Tuning spls keeps running into error

Hello,

I’ve been trying to run spls on my gene expression and microbial abundance data. No matter how much I try to tune for keep.X, I run into errors. My code is below:

dim(meta); dim(filtered_gene)
# 136 148
# 136 4953

ncomptry=10
MyResult.spls <- spls(meta, filtered_gene, ncomp=ncomptry, near.zero.var = FALSE) # this finishes no problem

# Below code snippet runs fine, no problem here. Determined that ncomp=5 should be kept.
set.seed(22) 
perf.pls <- perf(MyResult.spls, validation="Mfold", folds=5, progressBar=TRUE, nrepeat=50)
plot(perf.pls, criterion  = 'Q2.total')
X=seq(1:ncomptry)
Y=perf.pls$measures$Q2.total$summary$sd
par(mar=c(5,5,5,5))
plot.new()
plot(X,Y)
abline(h = 0.0975) # keep 5 components to test

# Tuning
list.keepX <- c(25, 50, 100, 500, 1000, 2500, 3000)
set.seed(22)
tune.spls.cor <- tune.spls(meta, filtered_gene, ncomp = 5,
                           test.keepX = list.keepX,
                           validation = "Mfold", folds = 5,
                           nrepeat = 50, progressBar = TRUE,
                           measure = NULL) 

# below is the output I always obtain
tuning component: 1
[=======                                           ] 14%Error in X.test %*% a.cv : non-conformable arguments

Always crashes at 14%. Even if I change the set.seed value, it just fails no matter what I do.
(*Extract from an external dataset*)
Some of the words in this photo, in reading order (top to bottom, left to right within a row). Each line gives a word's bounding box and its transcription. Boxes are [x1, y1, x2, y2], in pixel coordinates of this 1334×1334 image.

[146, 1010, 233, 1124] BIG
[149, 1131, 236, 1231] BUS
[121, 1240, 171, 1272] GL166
The only time this ever worked was with using a very small subset of my data (31 taxa instead of 148), but I have different datasets of microbial abundances that I want to run spls for.

I realize my microbial abundance has a lot of zeros and somehow this is affecting it - because when I just ran spls in the first place, it would fail unless I removed any taxa with less than 10 counts across the samples. But the issue is - zeros are quite a normal value to be assessed in abundance data so I don’t want to just keep arbitrarily removing taxa with low counts because that is actually meaningful data that I want to compare with host gene expression.

How to overcome this??

My first comment is that your list.keepX has values above 148, which is the number of features in your X dataframe (meta). Not sure why you are trying to select more features than exist in that dataframe.
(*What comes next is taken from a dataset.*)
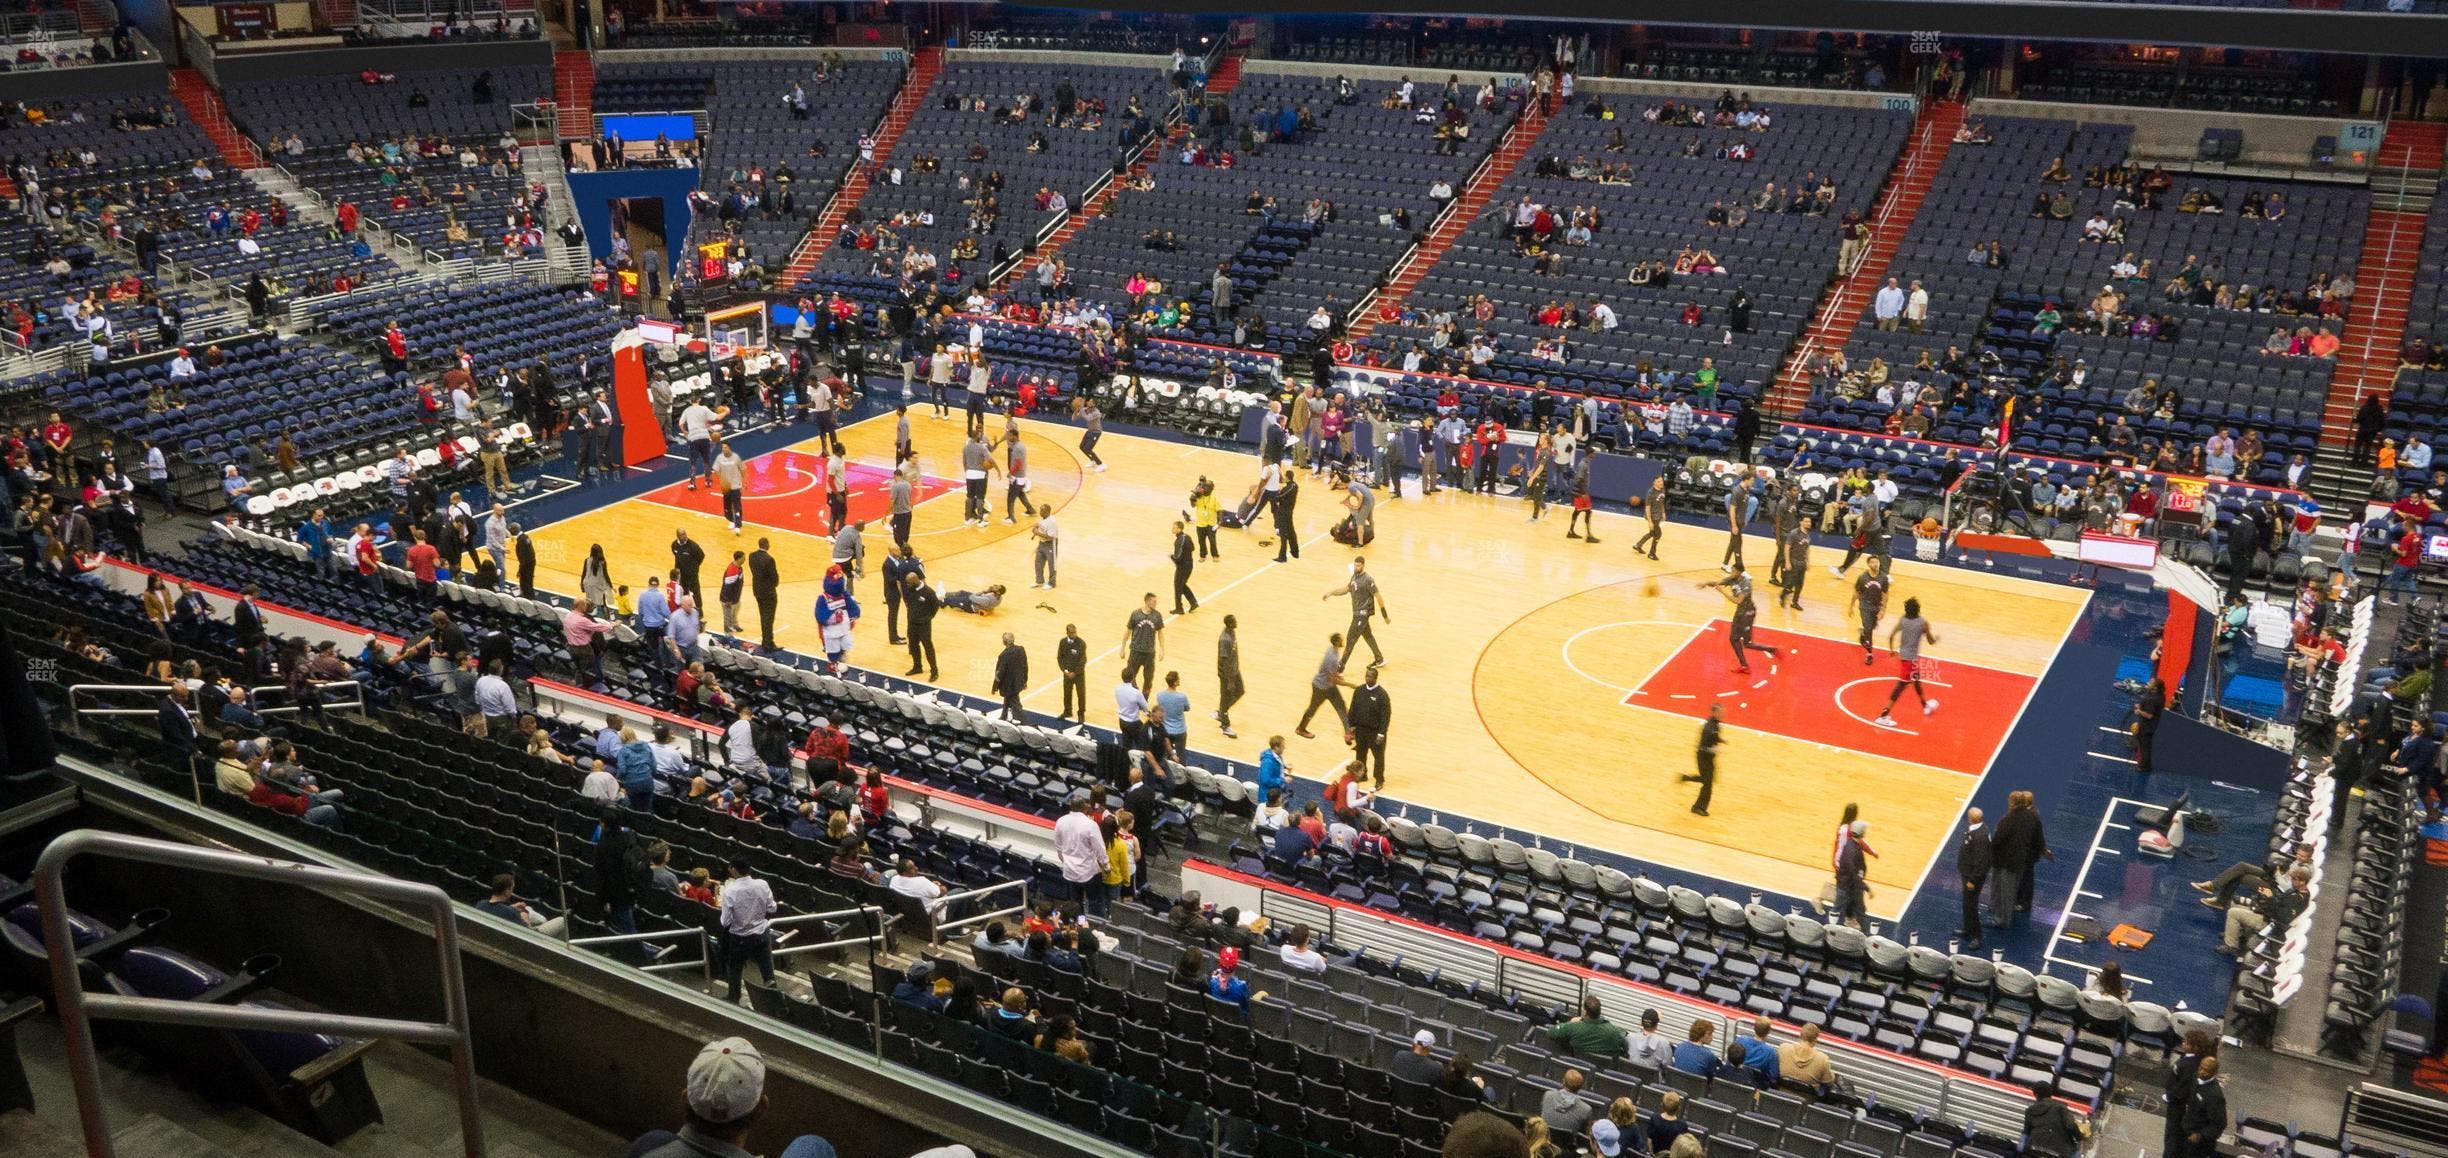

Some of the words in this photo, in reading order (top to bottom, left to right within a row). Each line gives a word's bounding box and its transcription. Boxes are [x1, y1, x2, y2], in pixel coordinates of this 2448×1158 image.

[886, 52, 903, 60] 103
[1886, 98, 1910, 111] 100
[2350, 125, 2375, 139] 121
You have 7 different values in list.keepX. The method fails at 14%. Upon completion of the keepX == 25 iteration, the progress is 14.2% (= 1/7). hence, this is likely an indication that its failing when the method is using keepX == 50. This is in line with your attempts succeeding when you use 31 taxa. Hence, the method doesn’t like the input data frame with somewhere between 31 and 50 features.
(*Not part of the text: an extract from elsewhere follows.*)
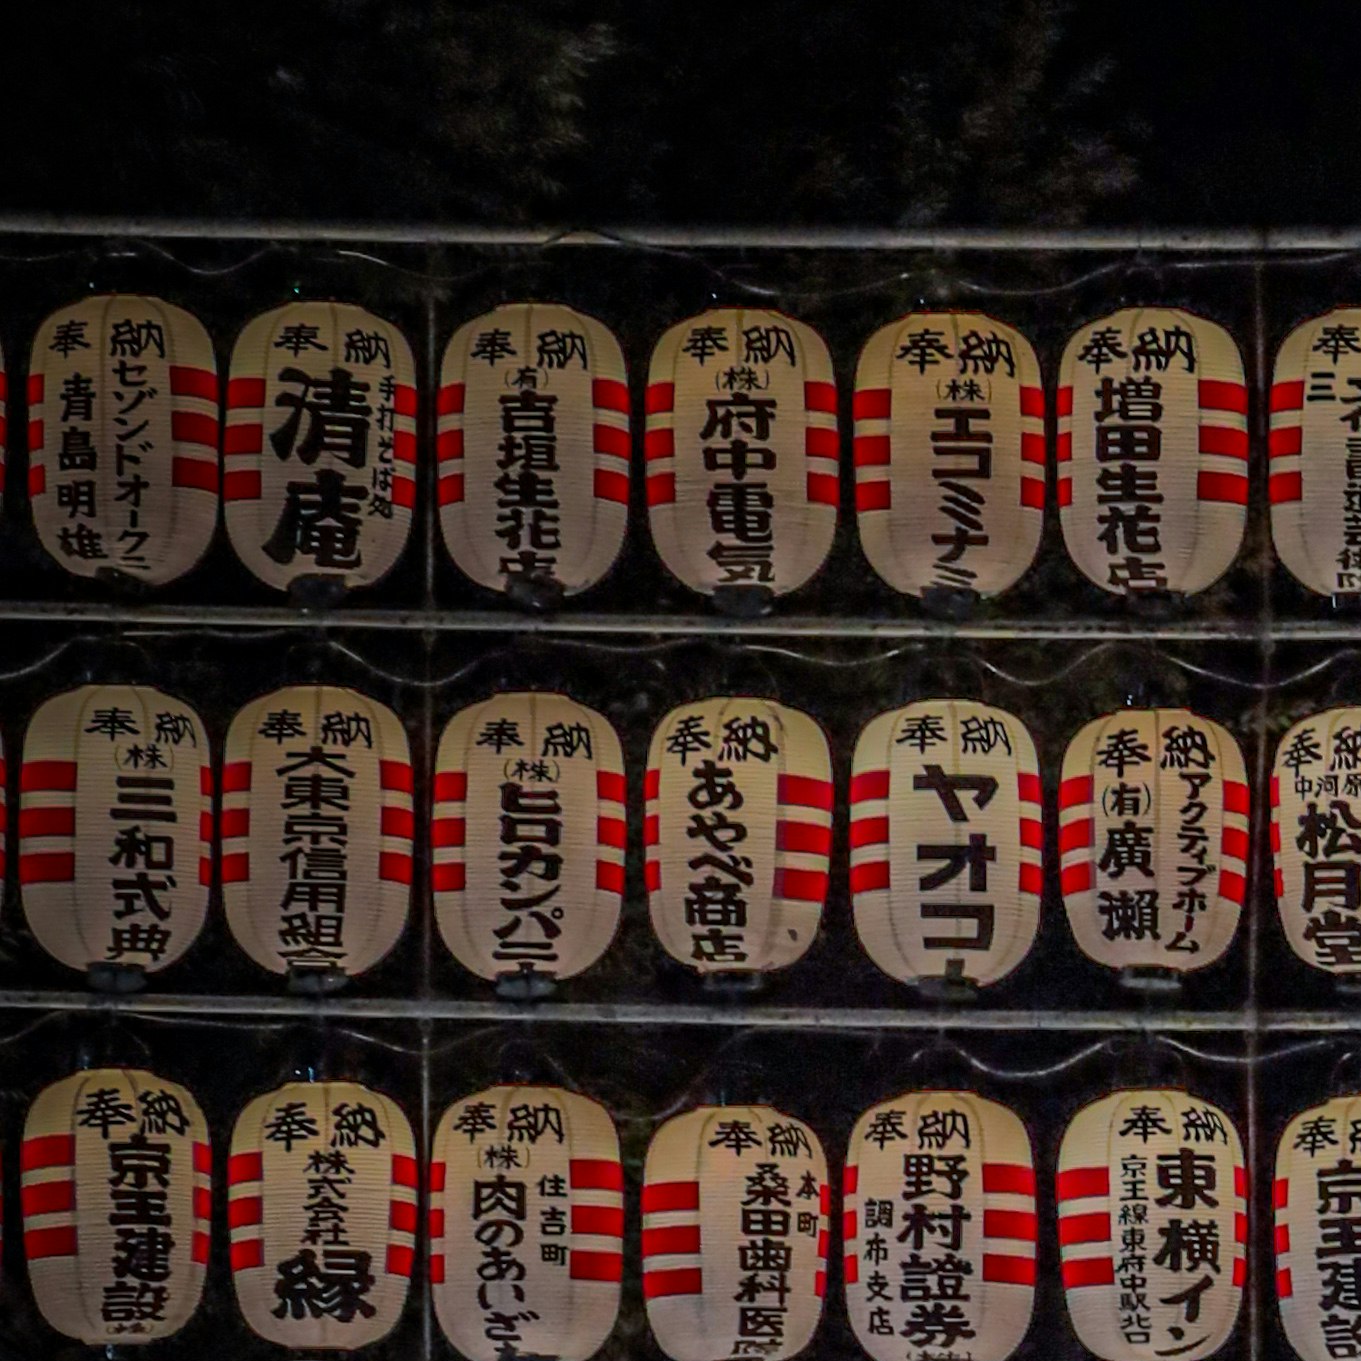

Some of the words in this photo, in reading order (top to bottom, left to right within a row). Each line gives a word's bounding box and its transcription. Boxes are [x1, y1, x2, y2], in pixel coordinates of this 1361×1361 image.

By the looks of it, you haven’t applied any of the necessary preprocessing for your microbial data. Have a read of this page on the website for some more information on what is required before any analysis can take place.

With all this info, my best guess would be the lack of preprocessing is causing this issue. It means a dataframe with 31-50 features is far too sparse. Otherwise, there may be something specific with your data. Let me know how you go with implementing the required preprocessing

My microbial data is already pre-processed in that I conduct a filtering step removing all contigs less than 0.1% relative contig abundance. Adding an offset of +1 would skew my data so much because I am working with such low counts of taxa that adding a 1 would be changing the the dataframe a lot; there are also many taxa with values around 1. I am concerned this would just “fake” my data in some way.

But I will give it a try with the offset since it seems to be applicable for microbial data - I am just working with metagenomic microbial data (so not 16S rRNA which would give very high counts of data).

I’ve tried preprocessing it for CLR transformation but once I run the logratio.transfo, I cannot coerce the matrix back into a dataframe which I would need in order to split my data into test and training datasets along with my gene expression dataframe. Is there a reason CLR can’t be in a dataframe?

Applying an offset to all samples and taxa won’t skew the data at all as it is being universally applied. You don’t even need to use a value of 1, it can be any positive, non-zero value. You just need there to be no zeroes in order to apply the CLR.

It can be a data.frame - you just need to change the class from “clr” to “matrix”:

data(diverse.16S)
X <- diverse.16S$data.TSS

CLR = logratio.transfo(X = X, logratio = 'CLR')
class(CLR) <- "matrix"
CLR <- as.data.frame(CLR)

Oh thanks, this fixed it for me. Cheers!